In his 113-page ruling, Federal District Court Judge Robert L. Pittman criticized the law, known as Senate Bill 8, which was drafted to make it difficult to challenge in court.
Chelsea Sobolik, director of policy for the Ethics & Religious Liberty Commission of the Southern Baptist Convention, called the ruling “extremely disappointing” but said the fight is not over.
“We will never stop protecting life and working towards a day when abortion is unthinkable and unnecessary,” Sobolik tweeted.
Provisions of the law
The decision to pause enforcement of the law might not mean abortions will automatically resume in Texas, since the law would allow clinics to be sued retroactively for any abortions they provide while the law makes its way through the judicial system.
Texas said it would appeal Pittman’s ruling to the U.S. Court of Appeals for the Fifth Circuit, one of the most conservative in the country. A ruling could come within a few days.
The Texas decision comes in the first week of the U.S. Supreme Court’s new term, which began Oct. 4. The court is scheduled to hear arguments Dec. 1 in Dobbs v. Jackson Women’s Health, a direct challenge to Roe v.
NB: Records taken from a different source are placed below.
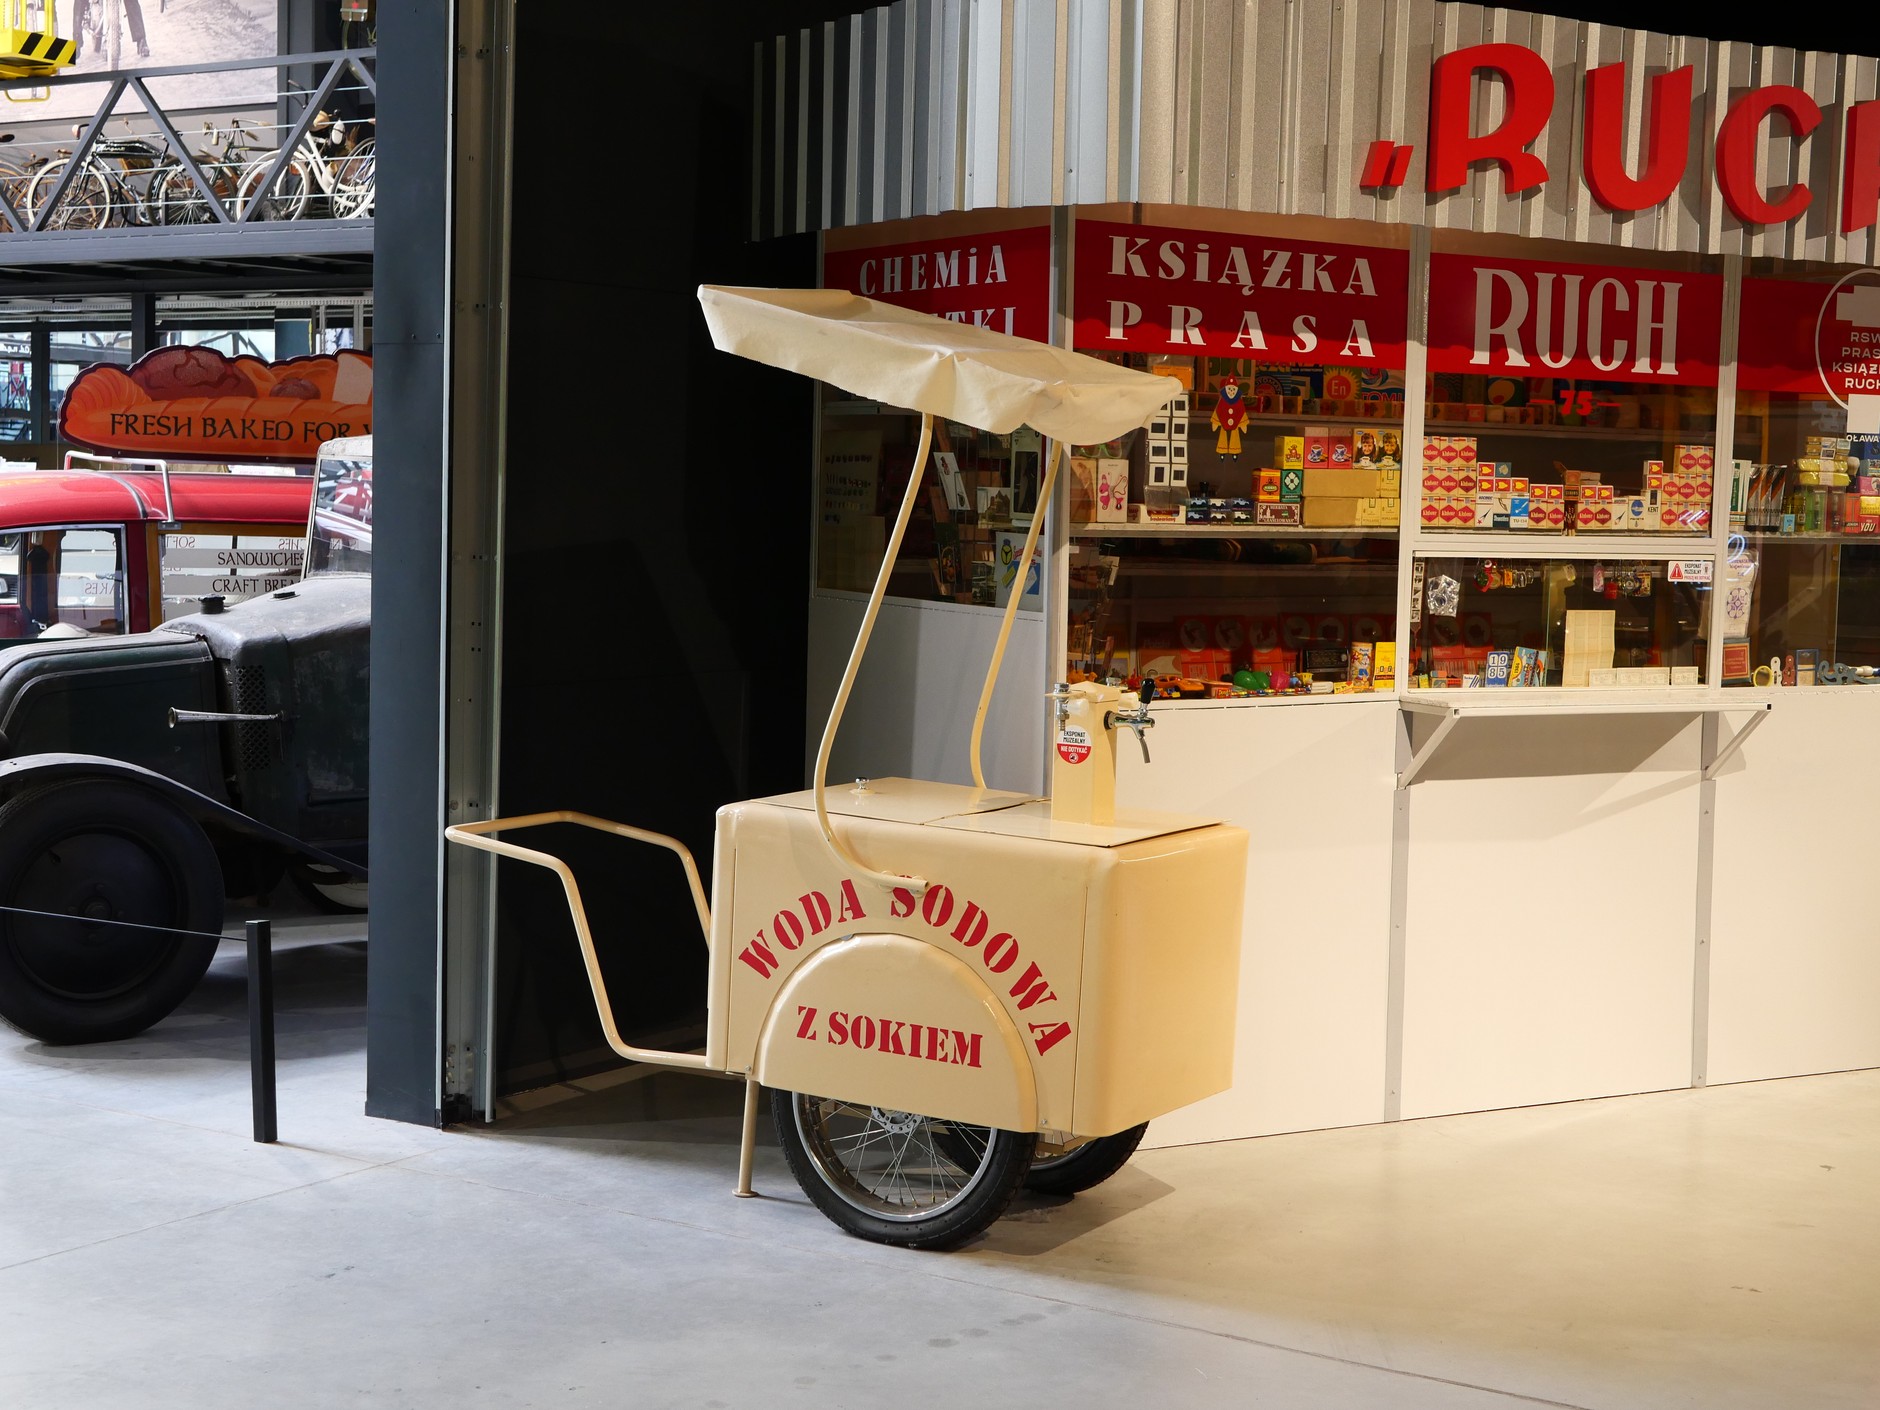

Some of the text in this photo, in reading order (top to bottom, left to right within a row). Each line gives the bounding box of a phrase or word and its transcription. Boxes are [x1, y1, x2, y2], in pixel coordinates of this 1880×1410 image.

[1105, 300, 1376, 357] PRASA
[1469, 267, 1683, 376] RUCH
[1832, 362, 1880, 377] KSIĄŻ
[1560, 390, 1593, 416] 75
[110, 413, 192, 437] FRESH
[202, 417, 293, 441] BAKED
[303, 421, 351, 443] FOR
[1861, 523, 1876, 532] YOU
[212, 579, 302, 594] CRAFT BRE
[738, 875, 1071, 1056] WODA SODOWA
[796, 1005, 983, 1068] Z SOKIEM
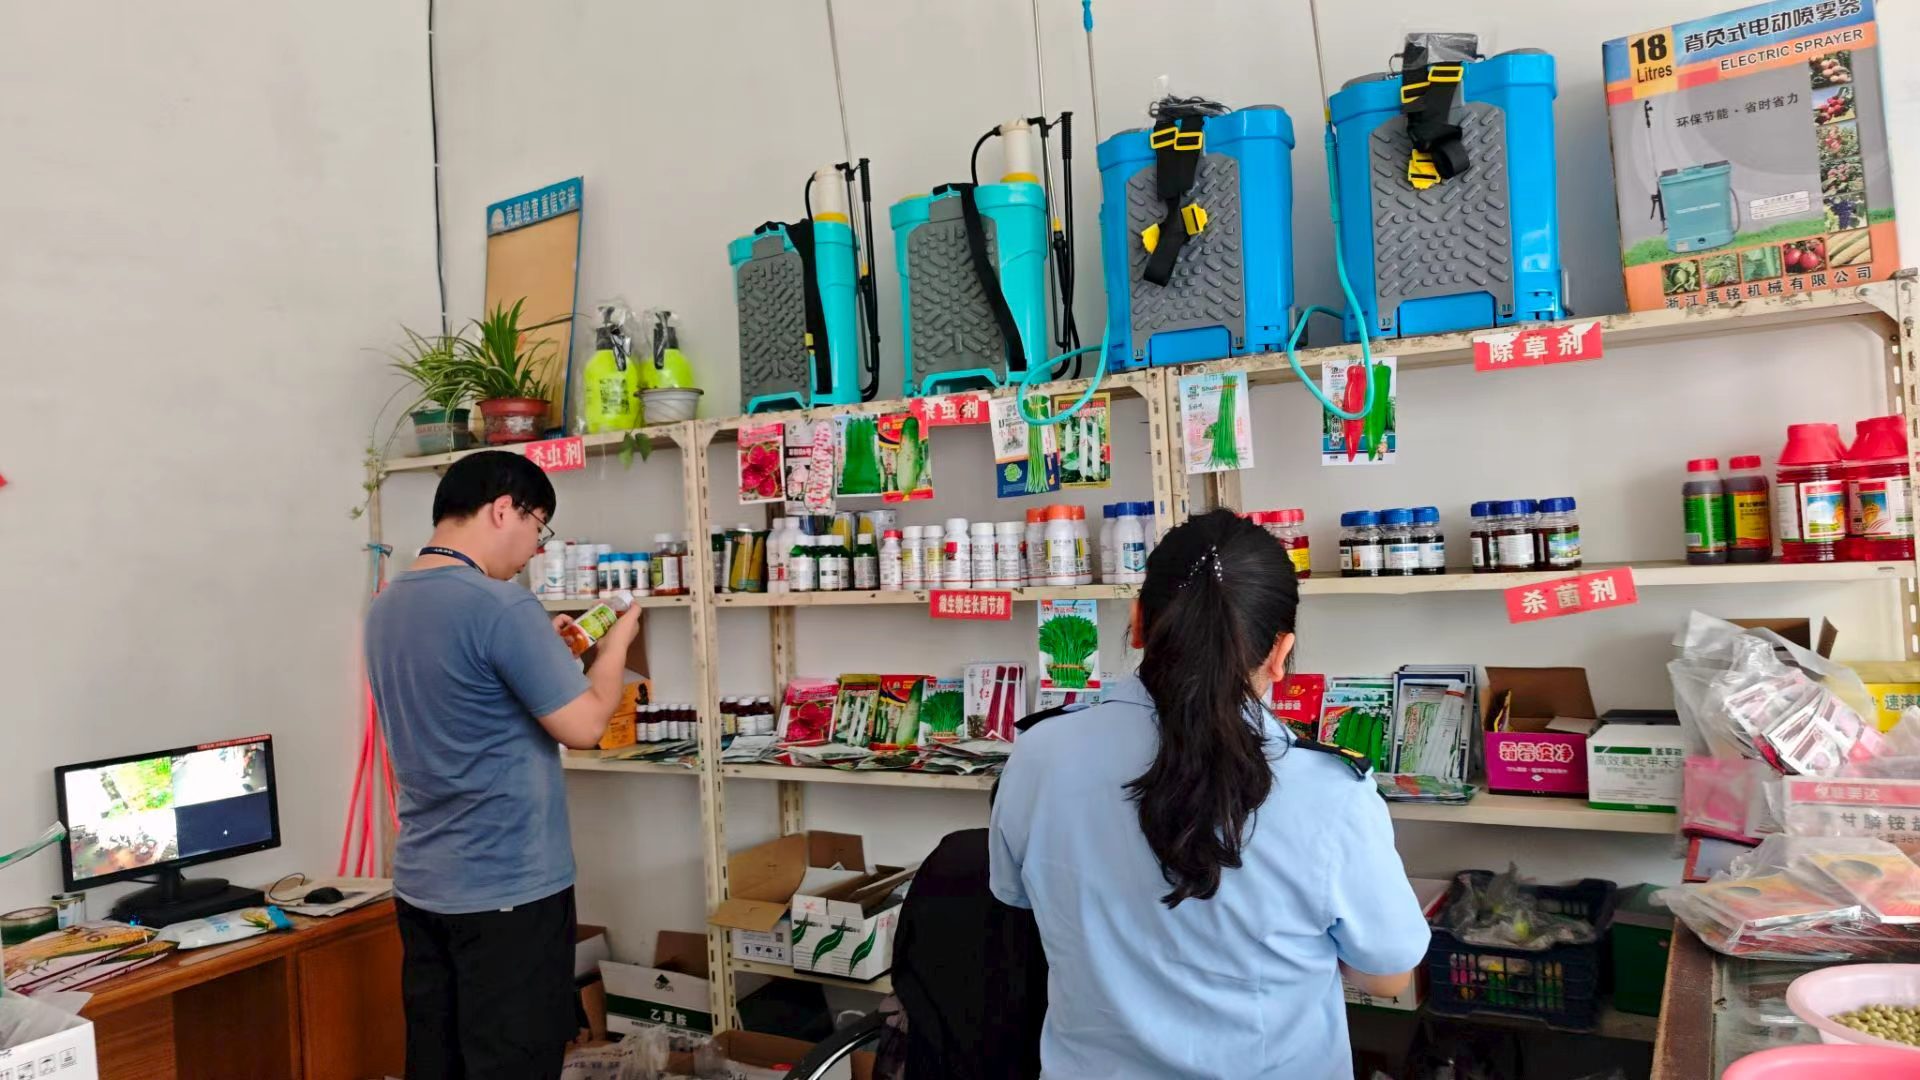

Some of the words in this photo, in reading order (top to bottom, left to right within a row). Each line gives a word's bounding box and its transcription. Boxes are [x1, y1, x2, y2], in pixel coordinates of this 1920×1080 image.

Wade and Planned Parenthood v. Casey, the Supreme Court’s major decisions over the last half-century that legalized abortion in the U.S.
Lower courts blocked Mississippi’s ban on most abortions after 15 weeks of pregnancy, but the Supreme Court has agreed to review those rulings. Abortions would be banned in a dozen states and severely restricted in about a dozen others if the justices were to overrule their earlier abortion decisions.